Burg/Genthin (fh) l So läuft eine spannende Einsatzübung ab: Kürzlich wurde der THW-Ortsverband Burg durch die Leitstelle alarmiert. Grund war ein Verkehrsunfall mit eingeklemmten Personen auf dem Übungsplatz der Bundeswehr in Burg. Gruppenführer Johannes Anger ließ umgehend die Einsatzbereitschaft der Bergungsgruppen herstellen. Kurze Zeit später verließ der Gerätekraftwagen der 1. Bergungsgruppe das Gelände des Technischen Hilfswerkes (THW). Für die Anfahrt wurde das Sondersignal verwendet, also blaues Blinklicht und Einsatzhorn. Dies war für die übrigen Verkehrsteilnehmer gewöhnungsbedürftig, da das THW in der hiesiger Region doch recht wenig Einsätze unter Verwendung von Sonderrechten hat.

Nachdem das THW-Einsatzfahrzeug an der Unfallstelle eingetroffen war, bot sich für die Helfer eine recht ungewöhnliche Unfallstelle.
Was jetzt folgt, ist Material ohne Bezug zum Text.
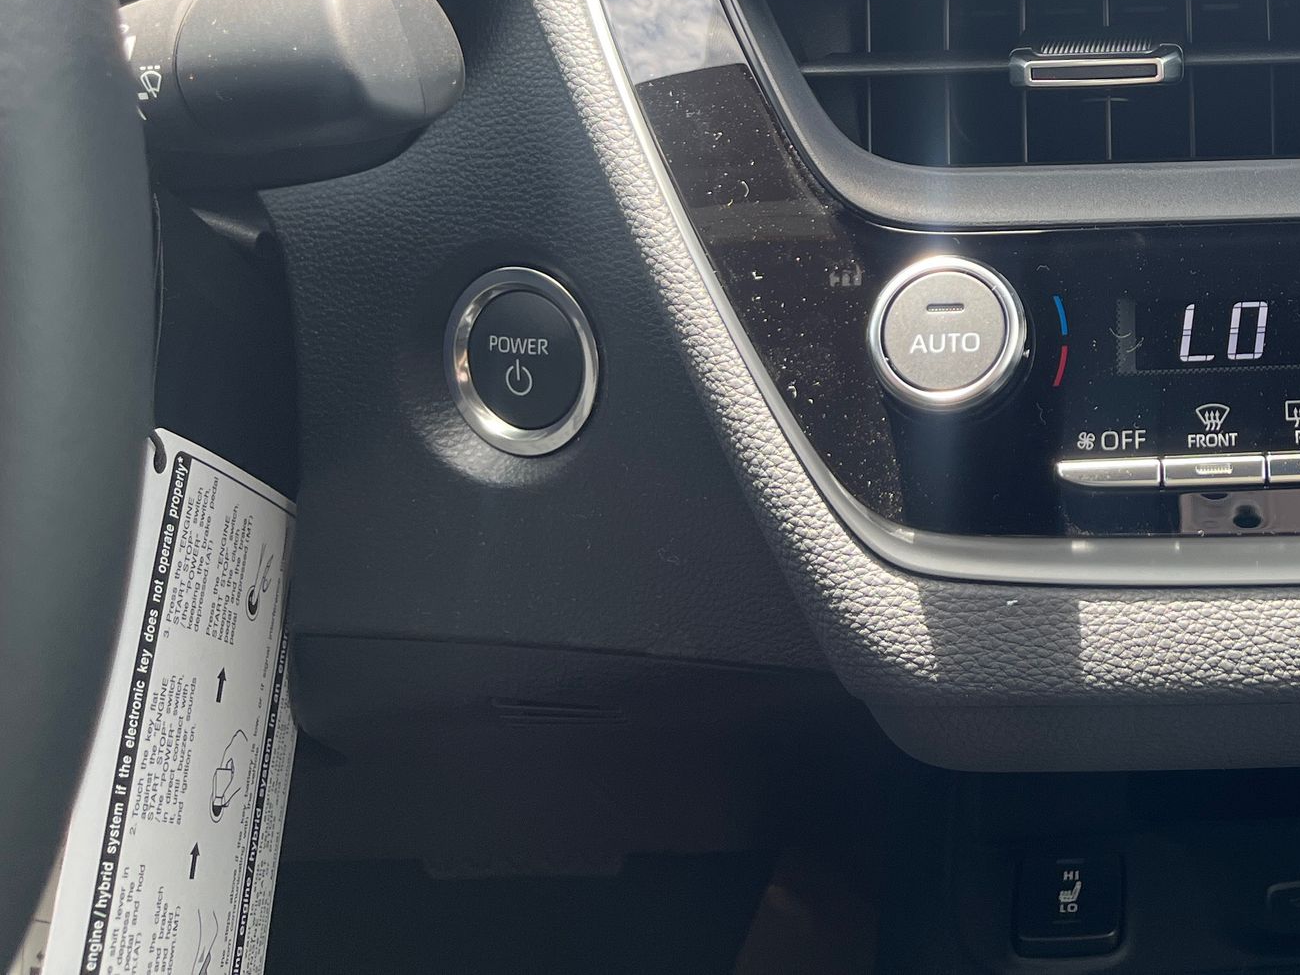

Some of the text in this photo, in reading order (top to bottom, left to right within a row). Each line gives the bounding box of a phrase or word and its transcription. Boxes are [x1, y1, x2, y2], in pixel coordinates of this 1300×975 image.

Das Unfall-Auto war nicht so einfach zu erreichen, weil es nach dem Unfall in einer größeren Grube gelandet war. Dies bedeutete eine erschwerte Rettung der Unfallopfer, da das Rettungsmaterial erst über den rutschigen Boden in die Grube gebracht werden musste. Die Unfallopfer wurden umgehend betreut und die Rettungsmaßnahmen liefen an.

Nachdem beide Opfer aus dem Unfallfahrzeug gerettet waren, wurden diese zur weiteren Behandlung dem Rettungsdienst übergeben.

Glücklicherweise handelte es sich um einen geplanten Unfall für eine Einsatzübung des THW. Dass es sich hierbei um eine Übung handelte, wurde dem verantwortlichen Gruppenführer erst nach Rettung der angeblich verletzten Personen offenbart.

Nach der Rettung der "Unfallopfer" wurde der praktische Einsatz des hydraulischen Rettungsgerätes am Unfall-Fahrzeug geübt. Im Anschluss an diese Einsatzübung fand beim THW eine gemeinsame Auswertung aller Beteiligten, unter der Leitung des Organisators dieser Einsatzübung, dem Zugtruppführer Christian Schulz, statt. Die vermeintlich Verletzten sind Mitglieder der Reservistenkameradschaft "Carl von Clausewitz". Beteiligt an der Einsatzübung waren auch zwei Mitglieder des Deutschen Roten Kreuzes.